**Recorded data**:
######

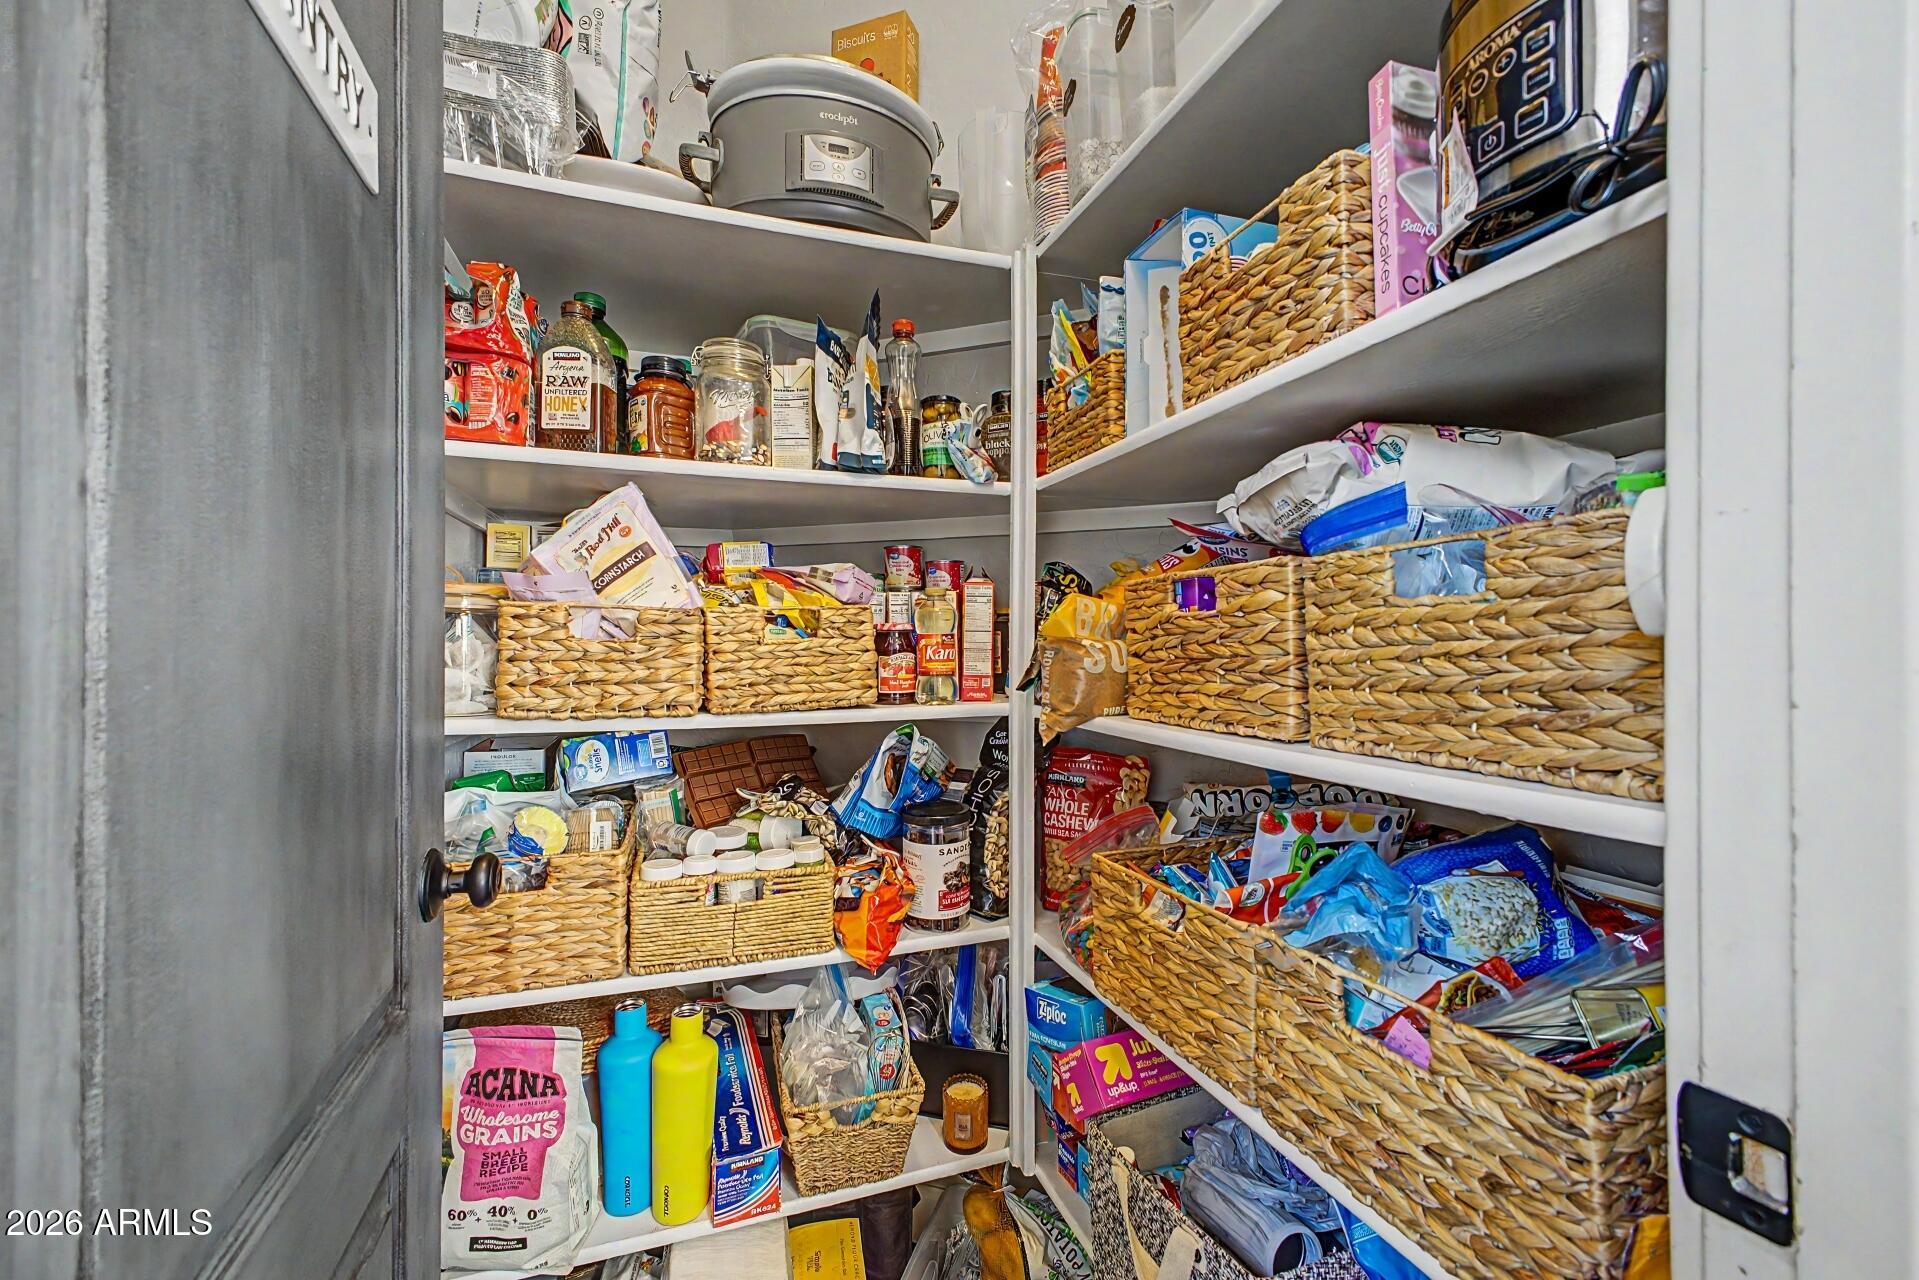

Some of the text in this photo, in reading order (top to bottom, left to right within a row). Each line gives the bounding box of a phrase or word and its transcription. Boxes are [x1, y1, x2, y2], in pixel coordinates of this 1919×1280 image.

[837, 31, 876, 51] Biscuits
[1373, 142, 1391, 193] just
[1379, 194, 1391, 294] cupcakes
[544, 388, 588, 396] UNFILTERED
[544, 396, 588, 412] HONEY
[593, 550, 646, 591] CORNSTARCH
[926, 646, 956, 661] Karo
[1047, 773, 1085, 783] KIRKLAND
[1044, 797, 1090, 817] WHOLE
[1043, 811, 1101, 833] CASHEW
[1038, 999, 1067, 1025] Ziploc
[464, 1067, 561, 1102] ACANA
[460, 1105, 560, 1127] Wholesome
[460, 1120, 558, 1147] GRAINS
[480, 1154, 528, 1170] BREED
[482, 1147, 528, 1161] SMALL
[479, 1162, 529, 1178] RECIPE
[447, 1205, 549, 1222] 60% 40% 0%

######

**What is required**: Transcribe the full listing above exactly as it stands, minus the pictures.

**Exercise answer**:
Some of the text in this photo, in reading order (top to bottom, left to right within a row). Each line gives the bounding box of a phrase or word and its transcription. Boxes are [x1, y1, x2, y2], in pixel coordinates of this 1919×1280 image.

[837, 31, 876, 51] Biscuits
[1373, 142, 1391, 193] just
[1379, 194, 1391, 294] cupcakes
[544, 388, 588, 396] UNFILTERED
[544, 396, 588, 412] HONEY
[593, 550, 646, 591] CORNSTARCH
[926, 646, 956, 661] Karo
[1047, 773, 1085, 783] KIRKLAND
[1044, 797, 1090, 817] WHOLE
[1043, 811, 1101, 833] CASHEW
[1038, 999, 1067, 1025] Ziploc
[464, 1067, 561, 1102] ACANA
[460, 1105, 560, 1127] Wholesome
[460, 1120, 558, 1147] GRAINS
[480, 1154, 528, 1170] BREED
[482, 1147, 528, 1161] SMALL
[479, 1162, 529, 1178] RECIPE
[447, 1205, 549, 1222] 60% 40% 0%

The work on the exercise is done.